* [EXERCISE PROMPT]:
A verbatim copy of the data is wanted, minus any picture in it.

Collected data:
=====

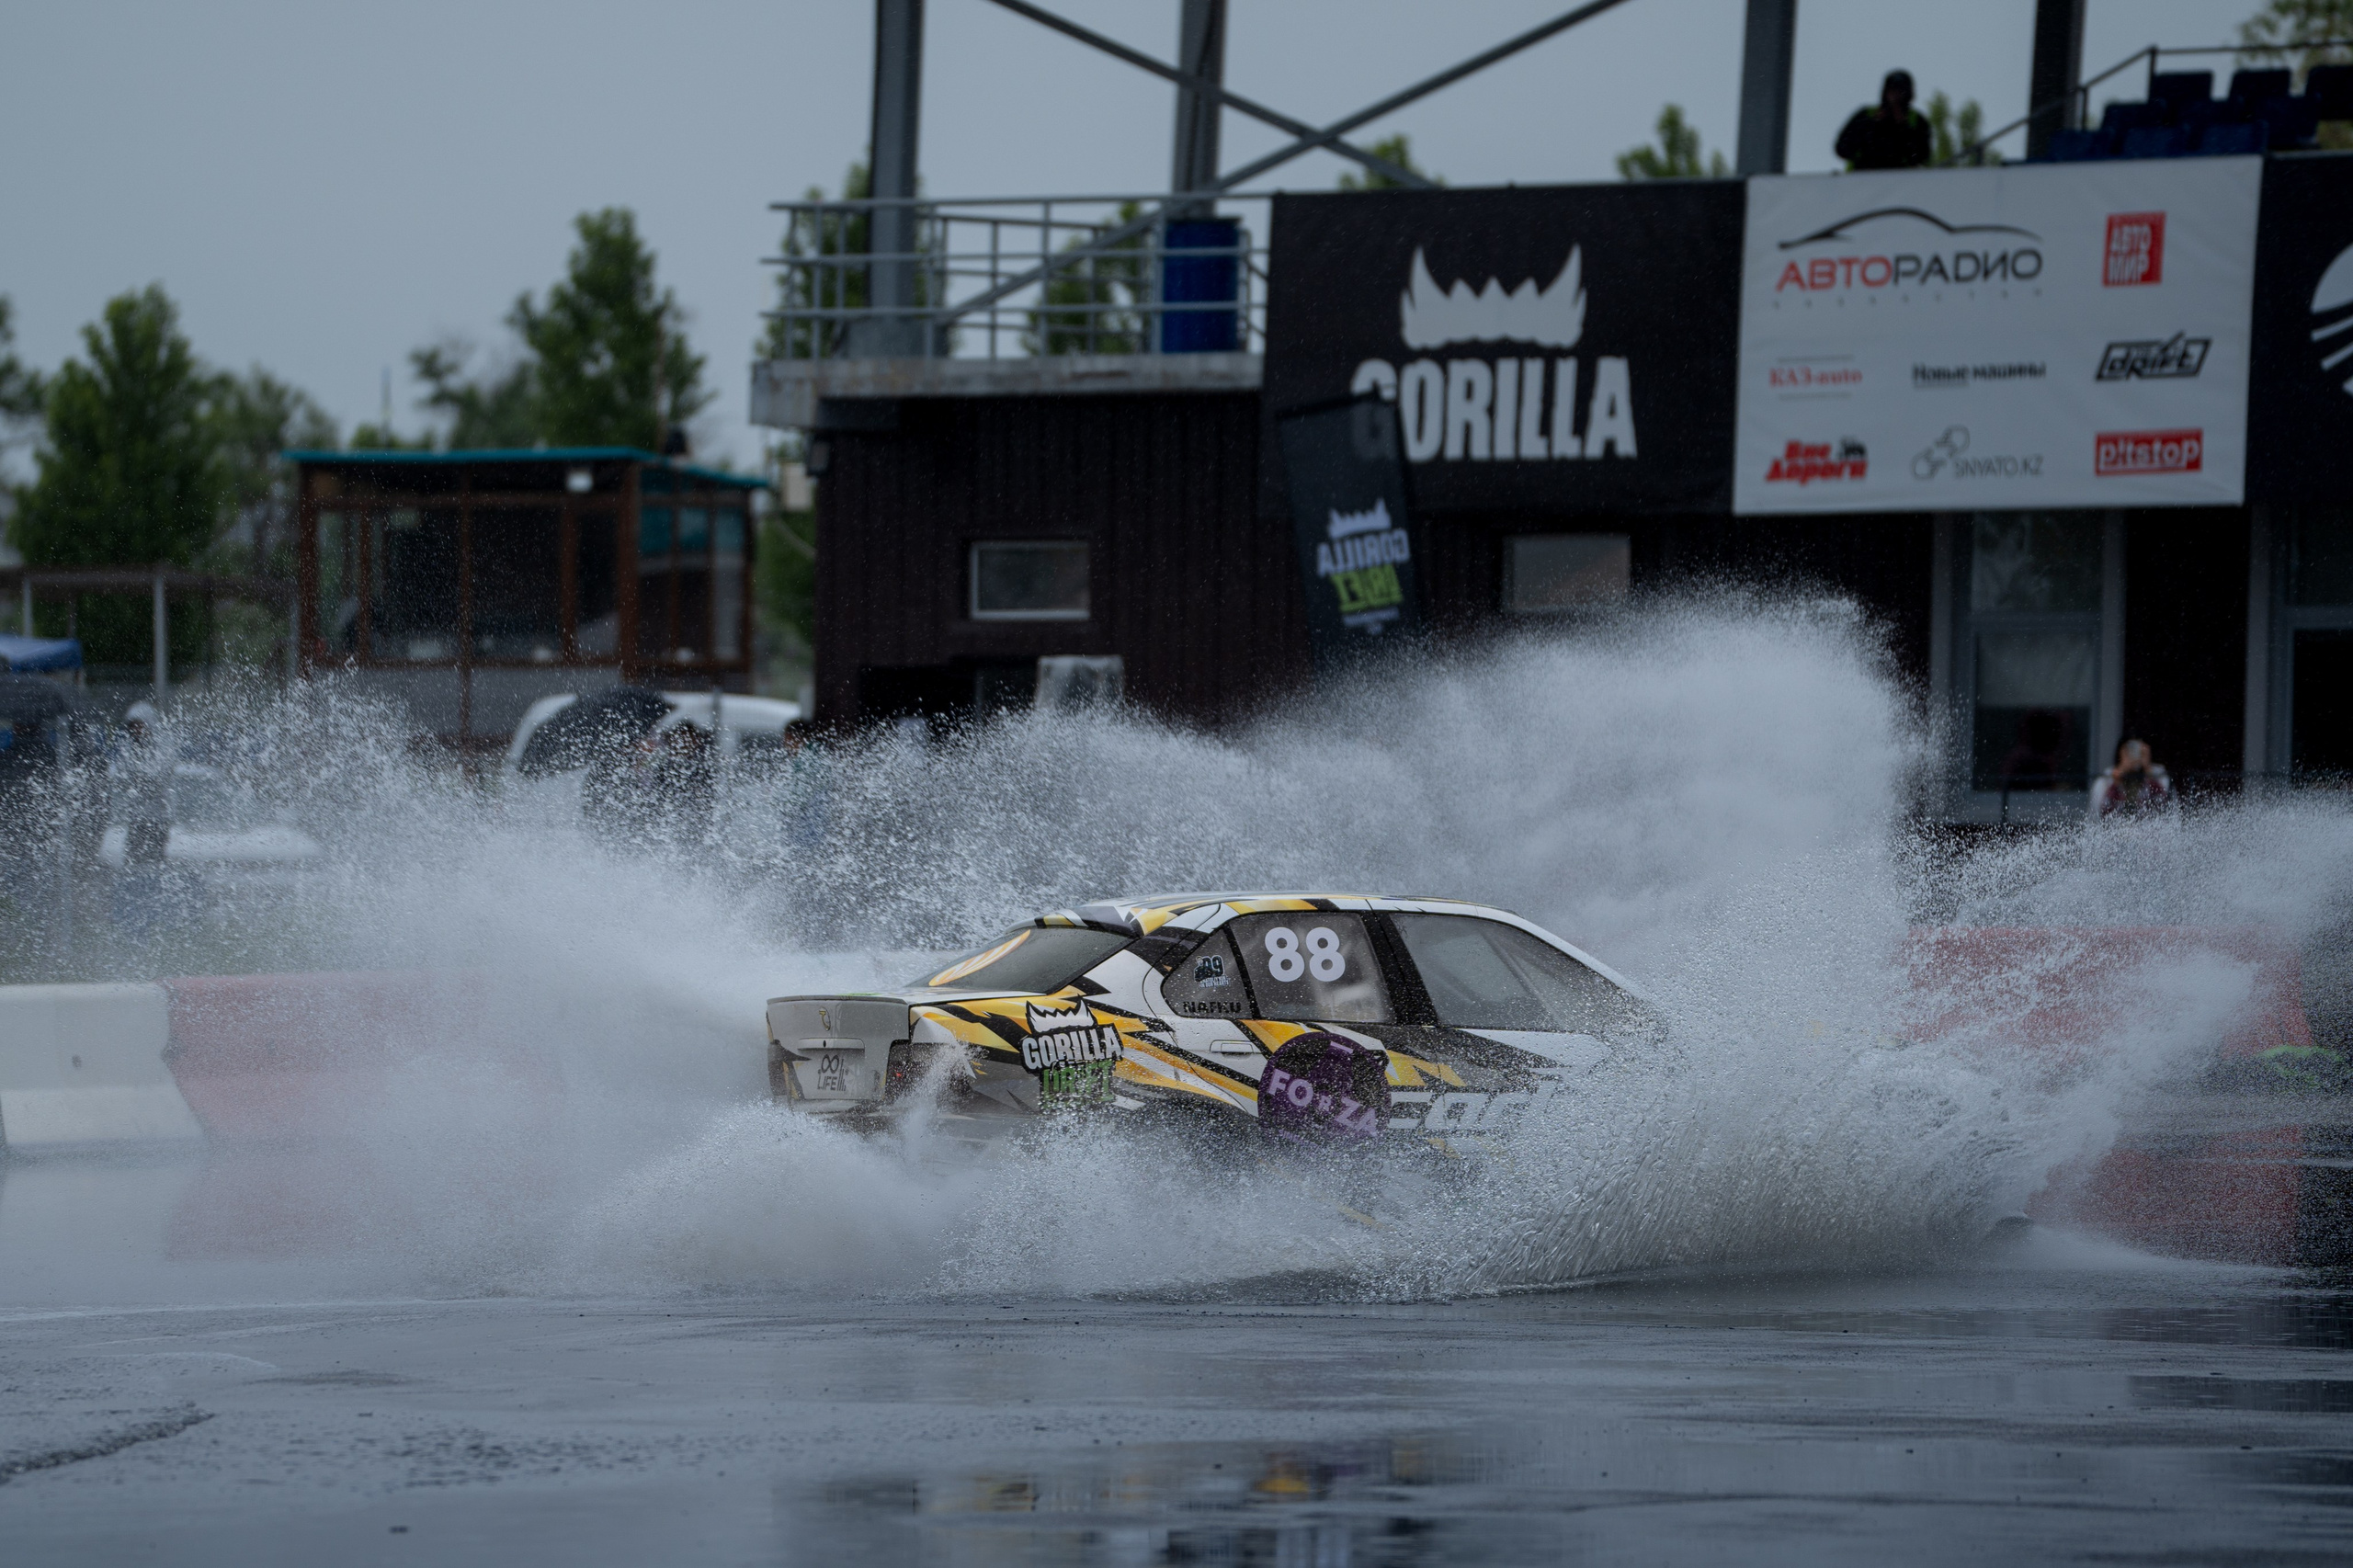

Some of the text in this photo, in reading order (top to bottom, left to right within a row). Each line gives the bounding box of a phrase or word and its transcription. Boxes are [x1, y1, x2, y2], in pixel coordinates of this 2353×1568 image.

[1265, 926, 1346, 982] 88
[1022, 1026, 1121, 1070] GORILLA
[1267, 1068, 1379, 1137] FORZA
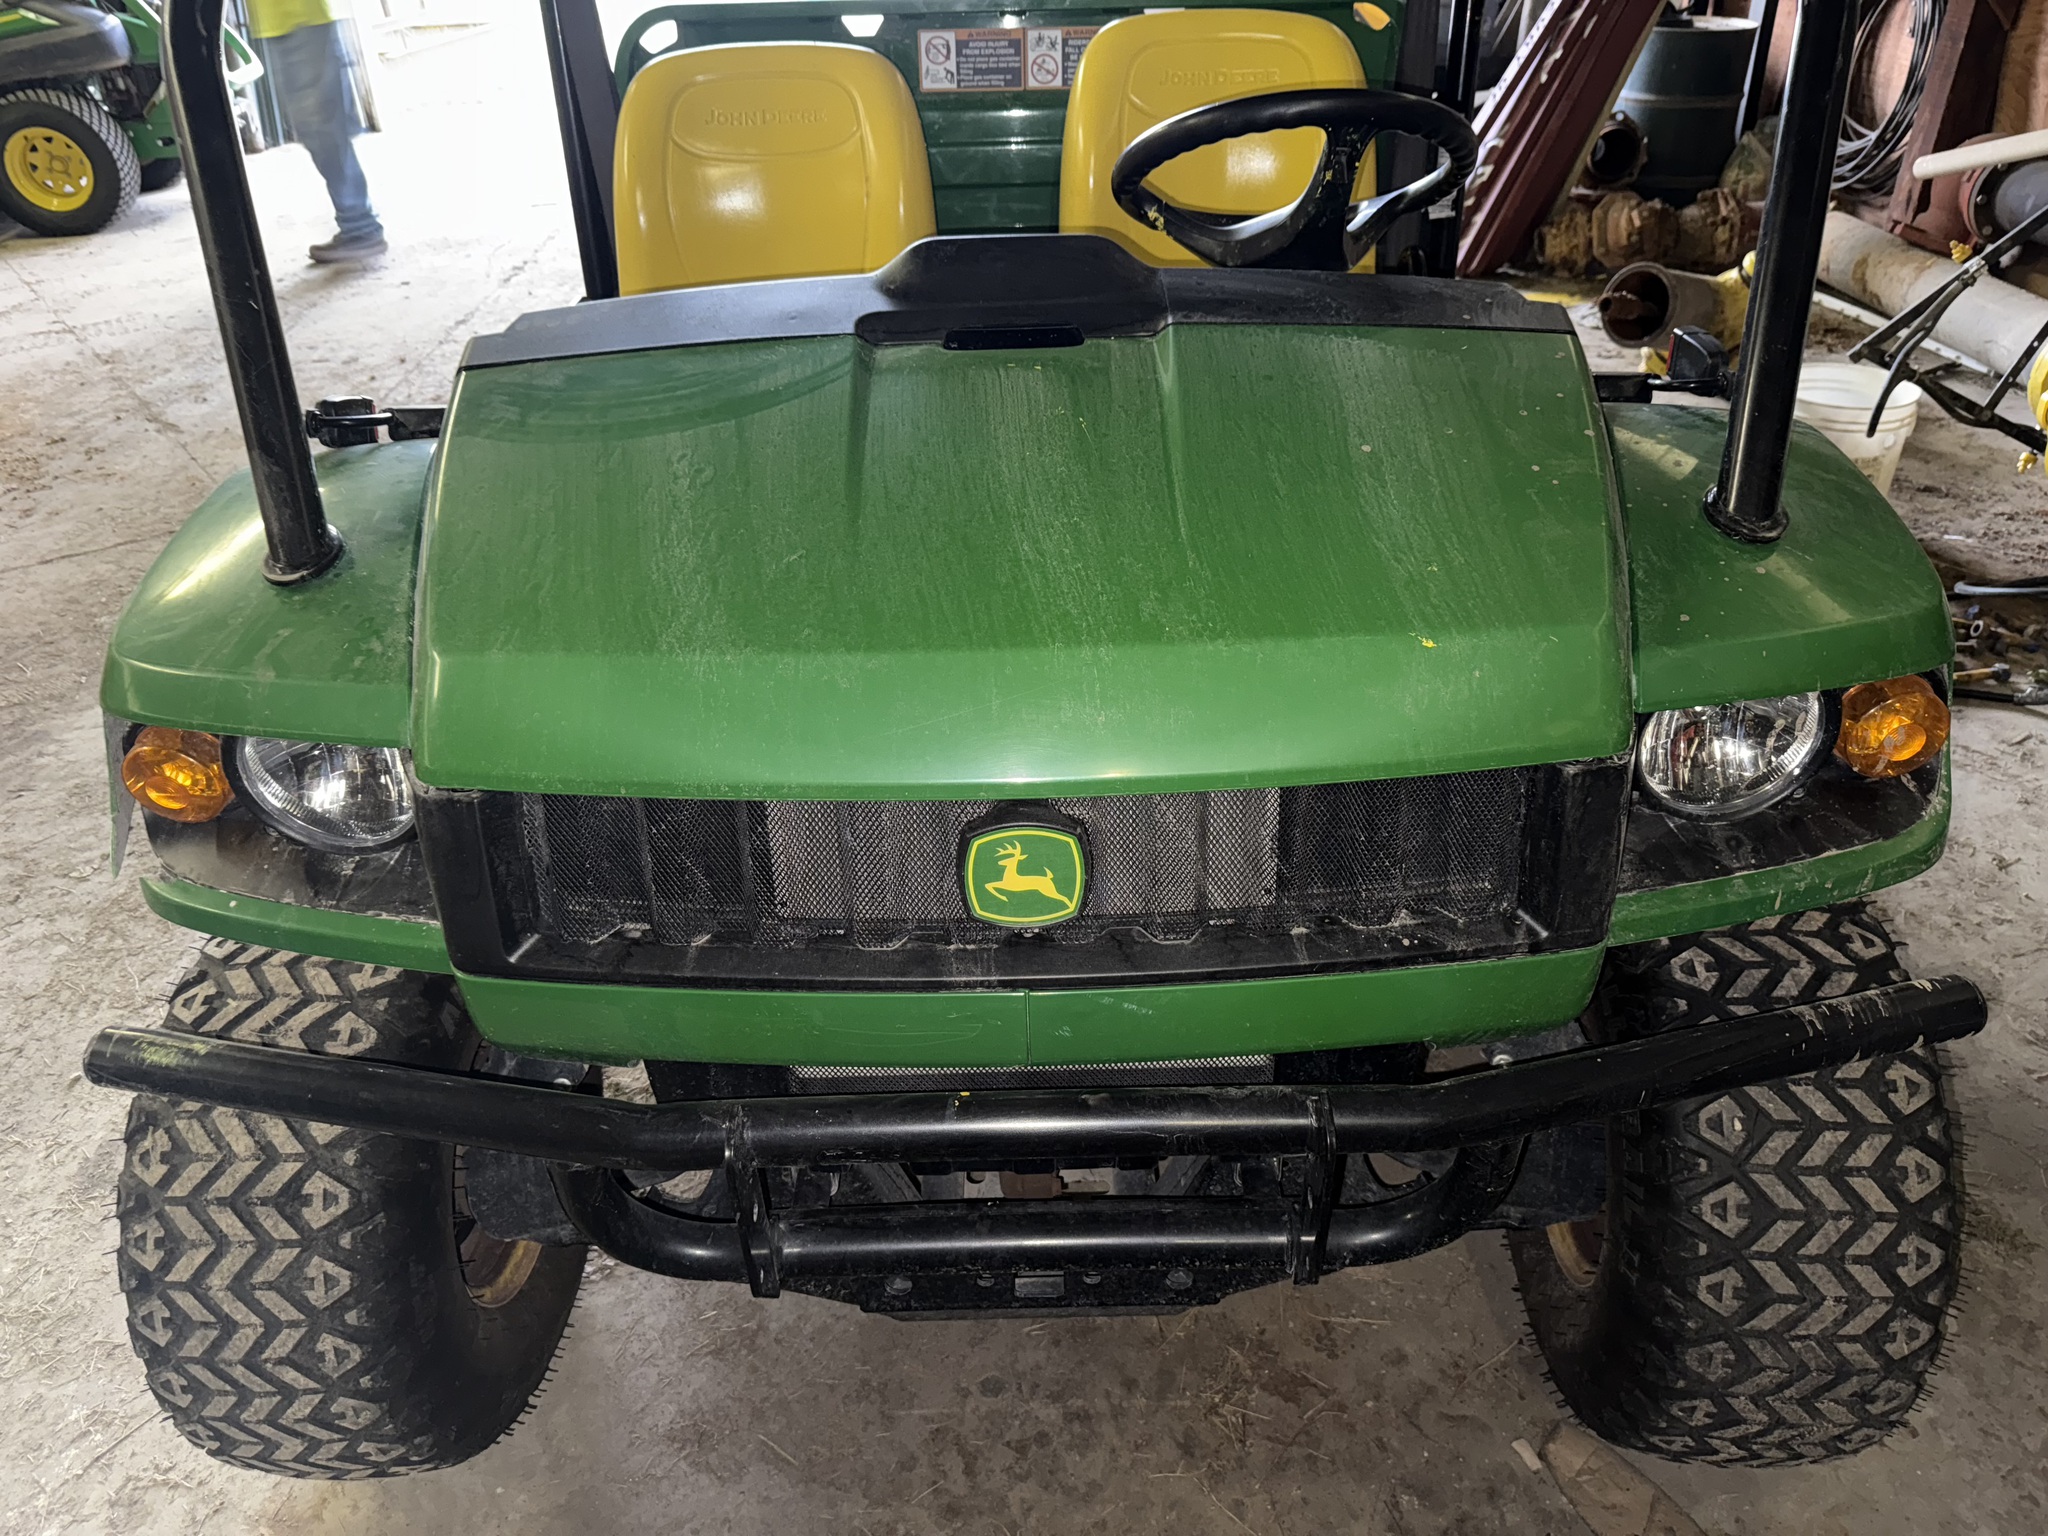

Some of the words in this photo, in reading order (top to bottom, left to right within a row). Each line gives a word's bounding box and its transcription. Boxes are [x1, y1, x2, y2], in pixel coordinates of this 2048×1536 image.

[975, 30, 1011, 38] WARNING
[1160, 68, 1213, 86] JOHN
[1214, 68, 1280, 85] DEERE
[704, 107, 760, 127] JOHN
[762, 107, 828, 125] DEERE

=====

* [YOUR SOLUTION]:
Some of the text in this photo, in reading order (top to bottom, left to right within a row). Each line gives the bounding box of a phrase or word and its transcription. Boxes are [x1, y1, x2, y2], in pixel coordinates of this 2353×1568 image.

[1265, 926, 1346, 982] 88
[1022, 1026, 1121, 1070] GORILLA
[1267, 1068, 1379, 1137] FORZA

Some of the words in this photo, in reading order (top to bottom, left to right within a row). Each line gives a word's bounding box and its transcription. Boxes are [x1, y1, x2, y2], in pixel coordinates of this 2048×1536 image.

[975, 30, 1011, 38] WARNING
[1160, 68, 1213, 86] JOHN
[1214, 68, 1280, 85] DEERE
[704, 107, 760, 127] JOHN
[762, 107, 828, 125] DEERE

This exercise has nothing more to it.